The following is a release from the U.S. Navy:
The Navy and Marine Corps Public Health Center (NMCPHC) announced changes to the training and certification process for Forward Deployable Preventive Medicine Units (FDPMU) Oct. 8.
The changes are designed to enhance the capability and effectiveness of Navy public health professionals in operational settings and include the development of more complex and relevant scenario-based exercises that typically occur during the annual FDPMU Operational Readiness Evaluation (ORE).
OREs typically occur over a six-day period, and the scenarios are based on either wartime support or humanitarian and civic assistance, or possibly a combination of both missions.
According to Lt. Cmdr. Jamal Dejli, ORE Exercise Director and NMCPHC’s Deputy Director for Preventive Medicine, the ORE provides a mechanism for identification of team and individual strengths along with limitations and opportunities for improvement.
“Teams are evaluated on their competency and proficiency as they respond to the various scenarios presented while operating in a deployed environment,” said Dejli. “Competency-based, proficiency-driven individual training standards were employed to evaluate the utilization of FDPMU equipment.”
This year’s ORE took place Sept. 15 through 19 at Fort Story, Va. for FDPMU teams from the Navy Environmental Preventive Medicine Unit Two (NEPMU-2), Norfolk.
The exercise, is now being held on the East Coast as well as Camp Pendleton, Calif.
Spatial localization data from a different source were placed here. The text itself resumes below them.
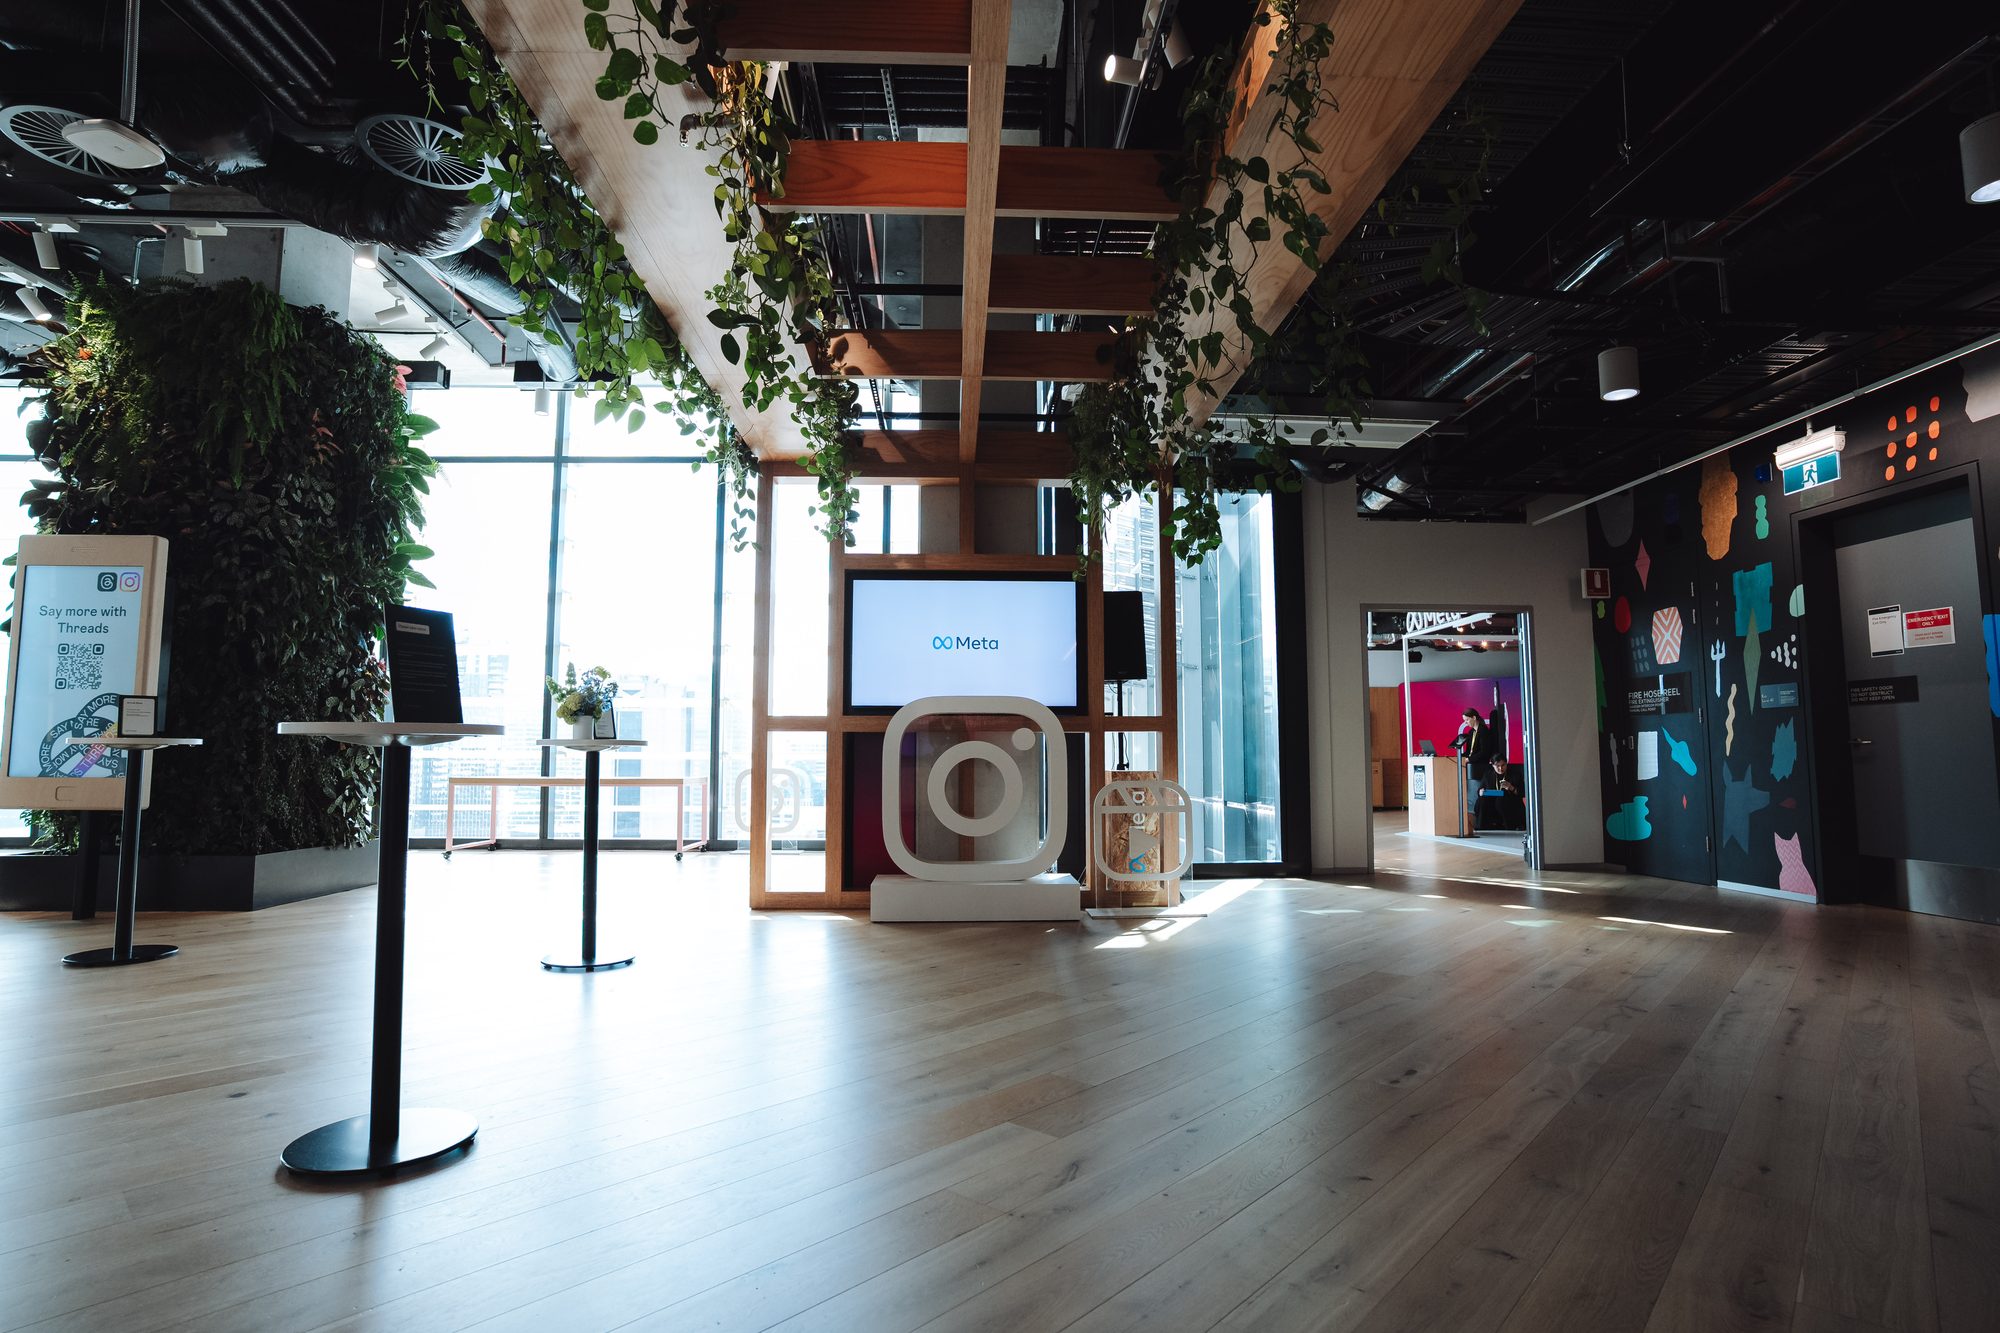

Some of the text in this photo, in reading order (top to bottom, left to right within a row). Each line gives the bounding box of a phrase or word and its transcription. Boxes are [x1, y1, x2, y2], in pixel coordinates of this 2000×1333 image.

[39, 605, 127, 619] Say more with
[57, 622, 110, 634] Threads
[956, 636, 999, 650] Meta
[1643, 690, 1661, 698] HOSE
[1662, 688, 1680, 696] REEL
[74, 709, 89, 730] SAY
[87, 695, 118, 713] MORE
[50, 722, 68, 739] SAY
In an effort to help manage costs, the exercise offered participants an opportunity to test their skills individually and as a team in areas such as pest control; air, soil and water quality assessment, health risk communication, disease outbreak investigation and response, and chemical and biological warfare agents detection.
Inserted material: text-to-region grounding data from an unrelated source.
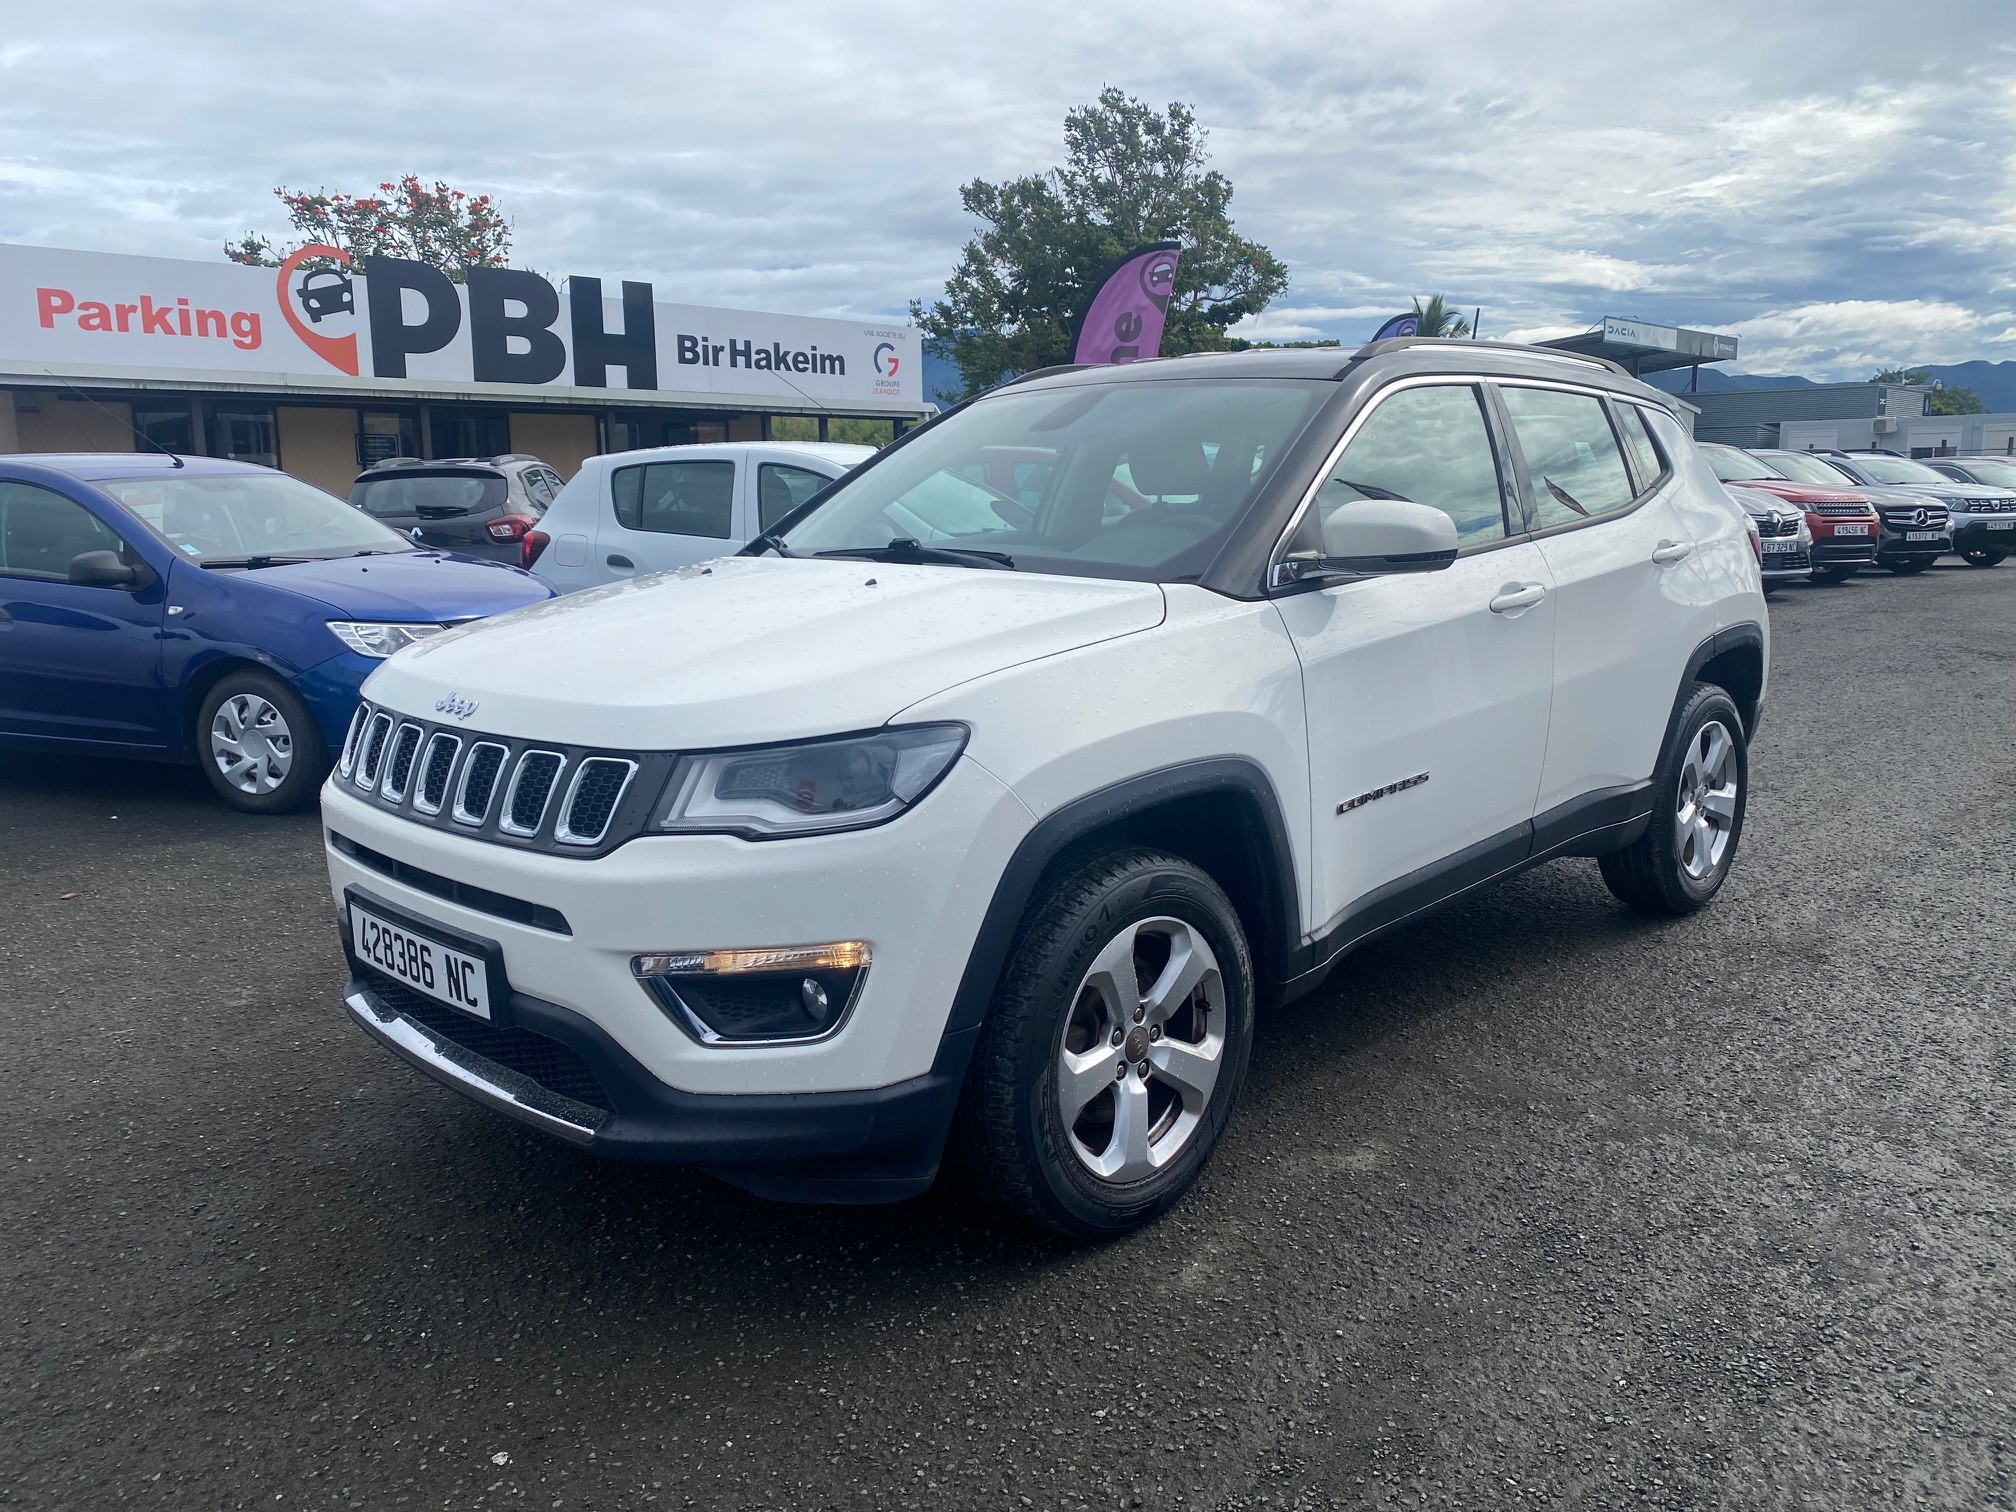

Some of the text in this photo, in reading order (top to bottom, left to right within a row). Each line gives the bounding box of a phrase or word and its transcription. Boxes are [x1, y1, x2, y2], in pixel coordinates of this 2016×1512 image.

[36, 287, 262, 350] Parking
[365, 255, 655, 389] PBH
[1607, 325, 1636, 338] DACIA
[677, 334, 847, 376] Bir Hakeim
[875, 379, 900, 388] GROUPE
[435, 690, 479, 721] Jeep
[361, 916, 478, 1008] 428386 NC
The exercise scenarios were recently reduced from 24 to 12 and revised based upon the Navy Mission Essential Tasks List (NMETL). More importantly, the scenarios are more complex and involve different FDPMU components. This ORE involved scenarios simulating a joint exercise between the U.S. and Taiwanese armed forces operating in Taiwan. During the exercise, a simulated earthquake hit Taiwan, and the FDPMU provided support following the establishment of a tent city for internally displaced populations (IDP).
Exercise participants had to manage various “threats” to the operational forces as well as the civilian population. Scenarios included a suspected scrub typhus outbreak investigation in the U.S. military barracks, a suspected unknown samples analysis for biological and chemical warfare agents, occupational and environmental health site assessment in a Taiwanese port, IDP camp insects and rodent complaints investigation.
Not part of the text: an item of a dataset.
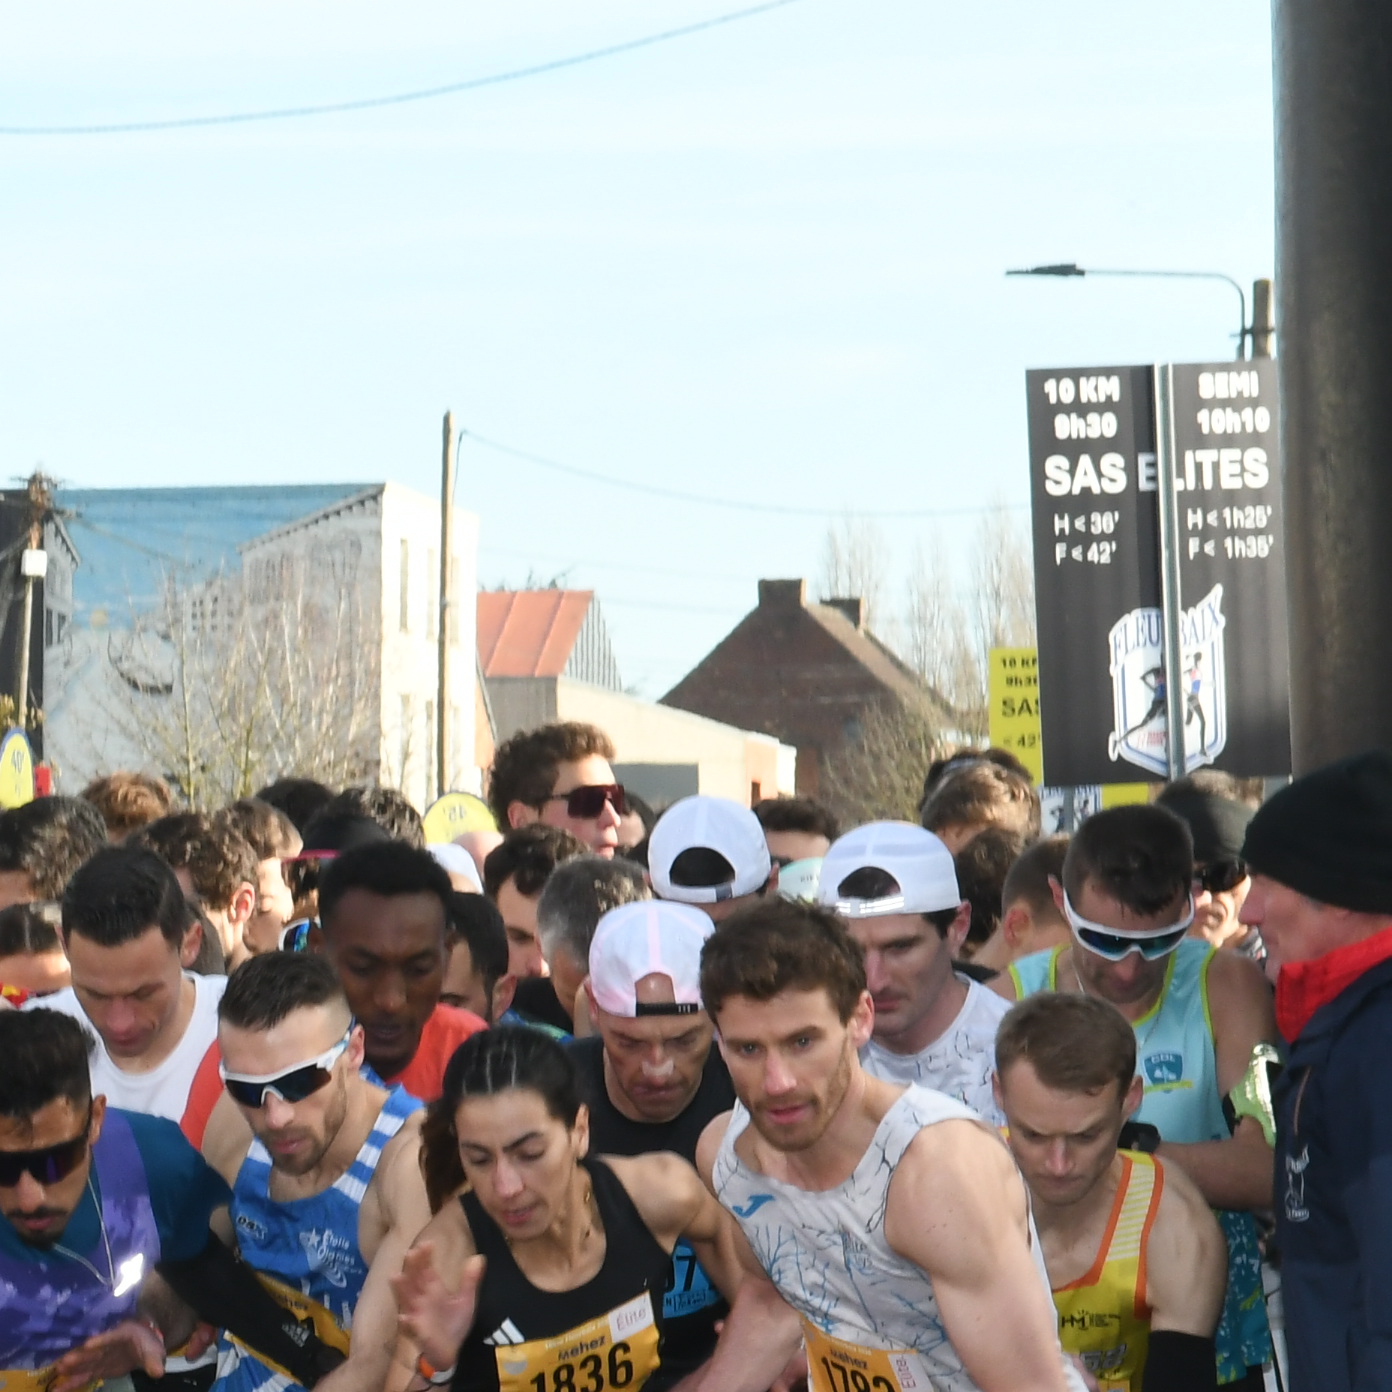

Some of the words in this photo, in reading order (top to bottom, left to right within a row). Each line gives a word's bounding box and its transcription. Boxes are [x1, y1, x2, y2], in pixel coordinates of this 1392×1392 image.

“The ORE concluded with a comprehensive assessment of the occupational and environmental hazards identified in the scenario with associated health risk to forces operating in the area,” said Lt. Cmdr. George Vancil, NMCPHC’s FDPMU Program Manager.
According to Hospital Corpsman Seaman Derek Galvao, NEPMU-2 Preventive Medicine Technician (PMT) and exercise participant, the ORE touched on many key points.
“Every person on the team is vital in completing the mission, even the most junior,” said Galvao. “I feel confident that we would be ready to face any mission-related task.”
“As a member of two deployed FDPMU teams – Haiti, Kuwait – and having been through multiple OREs over the years, I valued the opportunity to pass on those operational experiences and real-world lessons learned to the current team,” said Hospital Corpsman 1st Class Ryan Predum, NEPMU-2 Laboratory Technician. “The NEPMU2 ready-team has been training together for months and the ORE gave all involved a chance to work and live in a simulated operational environment and tackle some very realistic scenarios.”
“The team had great leadership in the OIC, component-leads and subject matter experts collaborated well on scenarios, and communication was free flowing throughout the team,” added Predum.
FDPMU’s are being called upon to support increasingly diverse missions that include providing front-line force health protection to U.S. and coalition forces, and scenario-based OREs help ensure that these preventive medicine teams are ready to respond.
“Through this final phase evaluation, the team effectively demonstrated the capability to provide flexible and sustainable FHP support across a wide spectrum of operations,” said Vancil.
NEPMU-2’s team successfully completed this ORE and is certified as surge-ready for world-wide deployability.
According to Capt. Dexter Hardy, NMCPHC Director for Preventive Medicine, a realistic scenario-based training program is critical for preparing operational preventive medicine teams for deployment.
“ORE’s are capstone training events to ensure our teams can effectively and efficiently deliver advanced public health services to the warfighter anytime – anywhere,” said Hardy.